In the last few minutes, Hamid Karzai has been declared the president of Afghanistan. The second round is also off which is no surprise after Abdullah Abdullah pulled out over the weekend. So there we go – over two months since the first poll, we have a winner. But is that really a word you’d use to describe any of the interested parties?
Those of you who support the US and NATO make the case that we all had something to win or lose in this election. A democratic Afghanistan makes the world safer is the argument in its simplest form.
But whichever way you view the current situation, there are clearly many interested parties. I’d list them as…
– Afghans. Is your country safer or more democratic than before? After, the multiple allegations of fraud in the first round, can they be confident that their wishes are represented? Do they have a President whose creditability is undermined by the process that brought him to power?
– Americans. Eight years of lives lost and money invested, show no sign of coming to an end. We don’t know if President Obama will increase troops numbers, but we’re sure he won’t decrease them.
– the Taliban. Its fighters continue to contest the outside world’s right to dictate what happens in Afghanistan. It also wants an Islamic state, and has lost many lives in the past eight years (though how many is very difficult to quantify).
– NATO members. If your country is one, it will certainly have given money, and possibly expertise and troops on the ground as well. It’s the organisation’s biggest military operation.
– the UN. Ban-Ki Moon is in Afghanistan now. Nothing illustrates better the huge investment that his organisation has made in this election.
– Those who want an Islamic state in Afghanistan. One school of thought is that if the Taliban succeed it’ll assert a Muslim population’s right to order its society according to its religion, and will also refute the right of outside powers to interfere in a country’s affairs.
– Those who want a democracy. Its better for Afghans and their human rights, and it’s better for the world as al Qaeda will not be able to operate out of Afghanistan.
– Those who want the troops out now. There are better ways of tackling al Qaeda and the Taliban.
– Those who want the troops to stay until the Taliban have been defeated. The job must be finished…
Unless you feel Afghanistan has no relevance to your life, you will fall into at least one of the categories above. Has your cause been furthered by this election?
…AND HERE’S KRUPA’S POST FROM EARLIERIt’s the election that everyone appears to have lost. A president with little legitimacy and an international community which has failed at its own rules. The only likely winner of Afghanistan’s non-election seems to be the Taliban.

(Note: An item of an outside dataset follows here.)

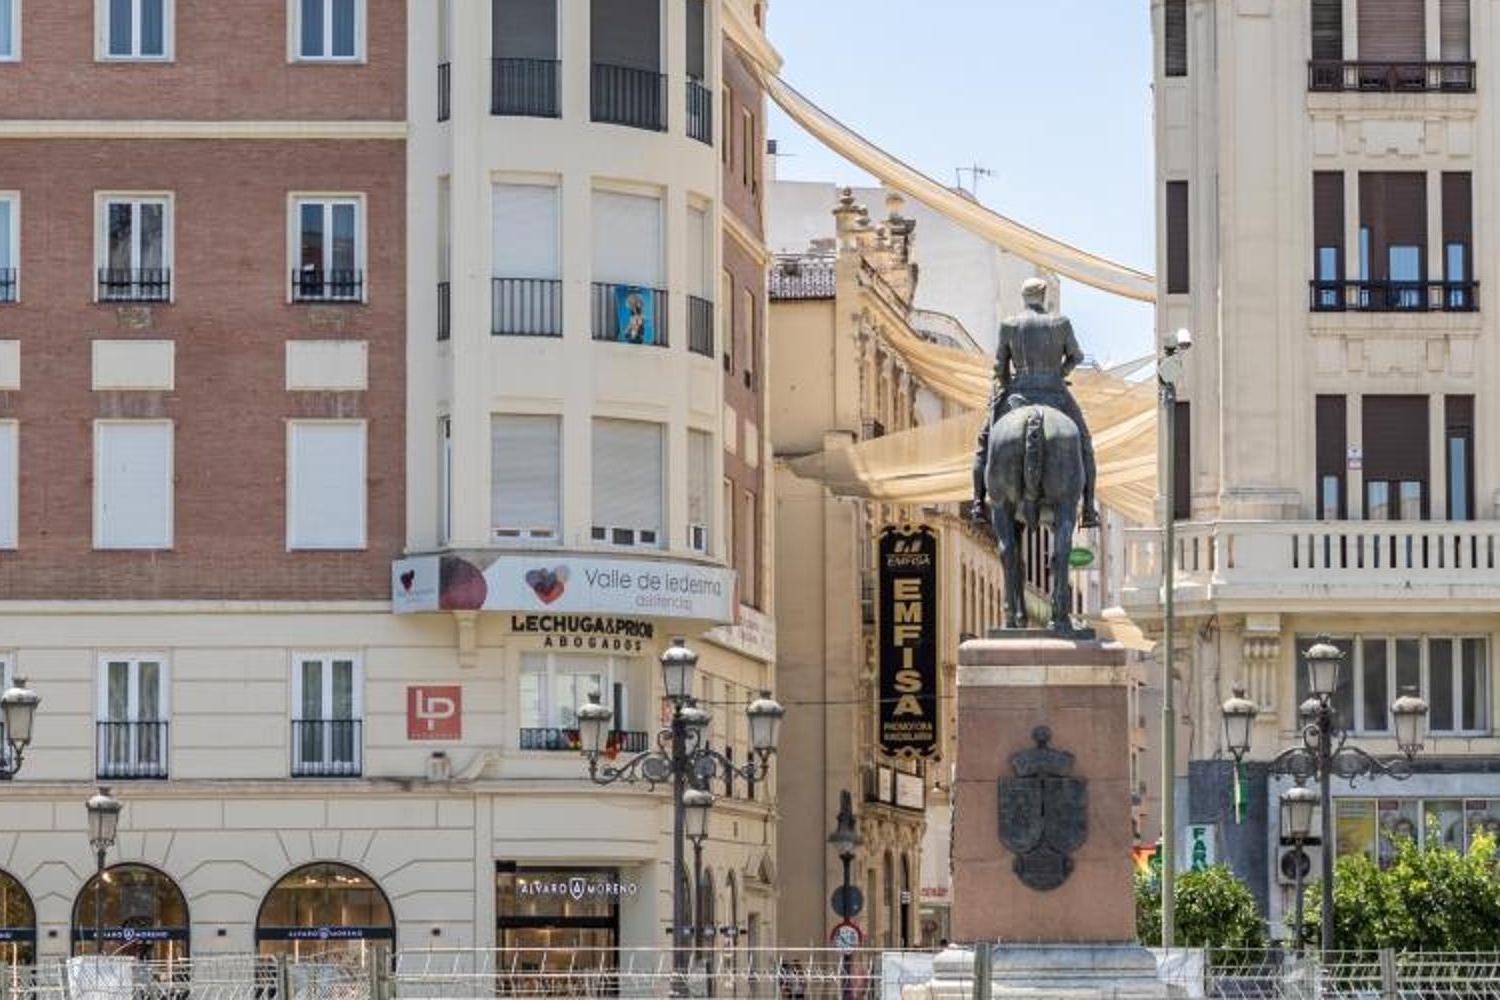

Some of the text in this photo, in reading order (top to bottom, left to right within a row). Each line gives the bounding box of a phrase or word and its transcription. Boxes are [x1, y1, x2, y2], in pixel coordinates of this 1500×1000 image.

“I want to be an example for future elections,” said Dr. Abdullah when he stepped down from the run off election. “I want to respect the people who lost their lives while voting in the first round. I want it to be known that no one should tamper with the vote of the people, or use their power to have their way.” Reality is thought, that most people knew Dr. Abdullah was not going win. Was he just a token candidate? And if a second round is only going to lead to a security nightmare and increased political limbo, has Abdullah Abdullah done his country a favour by pulling out?
Karzai appears to have won the right-off elections by default so the US just has to learn to work with who they are stuck with says this editorial.
Is it time to accept that this has been a one horse race without a winner?